- Born: Choi Young-gil April 24, 1949 (age 77) South Korea
- Other name: Choi Young-gil
- Education: BA in Arabic Language and Literature (Hankuk University, 1975); Islamic University of Madinah; PhD in Islamic Studies (Omdurman Islamic University, 1986)
- Occupations: Professor of Islamic and Arabic Studies; Translator
- Years active: 1980–present
- Employer: Myongji University
- Organization: Korea Muslim Federation (Chairperson)
- Known for: First Korean Muslim to translate the Quran and Sahih al-Bukhari into Korean
- Notable work: 성 꾸란: 의미의 한국어 번역; Korean translation of Sahih al-Bukhari
- Awards: King Abdullah bin Abdulaziz International Award for Translation (2008); King Faisal Prize in Service to Islam (2023); Award for Service to Islam from the Regional Council for Islamic Call in Southeast Asia (2023)

= Hamid Choi =

South Korean translator, Chairman of Korea Muslim Federation

Hamid Choi (최영길) is a South Korean translator and professor of Islamic and Arabic studies at Myongji University. Currently serving as chairperson of Korea Muslim Federation (KMF), in 2021 he reportedly became the first Korean Muslim to translate the Quran and Sahih al-Bukhari into Korean language. Choi has also written about ninety articles concerning Islamic studies.
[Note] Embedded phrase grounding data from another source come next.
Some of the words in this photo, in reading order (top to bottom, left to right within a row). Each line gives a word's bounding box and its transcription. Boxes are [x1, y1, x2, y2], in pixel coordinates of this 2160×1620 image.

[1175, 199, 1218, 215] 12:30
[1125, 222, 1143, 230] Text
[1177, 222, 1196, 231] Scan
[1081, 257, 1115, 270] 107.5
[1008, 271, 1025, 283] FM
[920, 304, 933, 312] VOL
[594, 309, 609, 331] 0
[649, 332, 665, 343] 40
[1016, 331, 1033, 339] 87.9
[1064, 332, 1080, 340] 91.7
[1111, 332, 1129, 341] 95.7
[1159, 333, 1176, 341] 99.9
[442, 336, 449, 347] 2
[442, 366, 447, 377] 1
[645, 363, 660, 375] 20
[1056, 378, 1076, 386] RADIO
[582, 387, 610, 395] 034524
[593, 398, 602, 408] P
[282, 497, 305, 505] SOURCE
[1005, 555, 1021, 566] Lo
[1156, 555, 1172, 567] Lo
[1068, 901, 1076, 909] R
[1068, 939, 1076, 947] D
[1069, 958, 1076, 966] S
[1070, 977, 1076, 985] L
He is awarded laureate of King Faisal Prize in Service to Islam in 2023.

== Early life and education ==
Choi was born in South Korea in 1949. He graduated with a Bachelor’s degree in Arabic Language and Literature from Hankuk University of Foreign Studies in Seoul in 1975. He pursued further Islamic studies at the Islamic University of Madinah before completing his PhD in Islamic Studies at Omdurman Islamic University in Sudan in 1986.

== Career ==
Choi became professor of Islamic and Arabic Studies at Myongji University in Seoul, where he contributed to developing Islamic studies in Korea. He also serves as Chairperson of the Korea Muslim Federation, an umbrella body representing Korean Muslims.

=== Translation of Islamic texts ===
In 1997, Choi completed the first direct Korean translation of the Quran, published as 성 꾸란: 의미의 한국어 번역 (The Holy Qur’an: Korean Translation of the Meanings). The work took nearly seven years and was reviewed by the King Fahd Complex for the Printing of the Holy Qur’an in Saudi Arabia before publication. He later translated Sahih al-Bukhari into Korean, making him the first Korean Muslim to render both texts in his native language.

His Quran translation is widely used in academic and interfaith discussions in Korea, cited in Korean theological literature as a reference text.

== Awards and recognition ==
Choi was awarded the King Abdullah bin Abdulaziz International Award for Translation in 2009 for his contributions to translation studies.

In 2023, he received the King Faisal Prize in Service to Islam for his pioneering translations and service to the Muslim community.

The same year, he was also honored with an award for Service to Islam by the Regional Council for Islamic Call in Southeast Asia.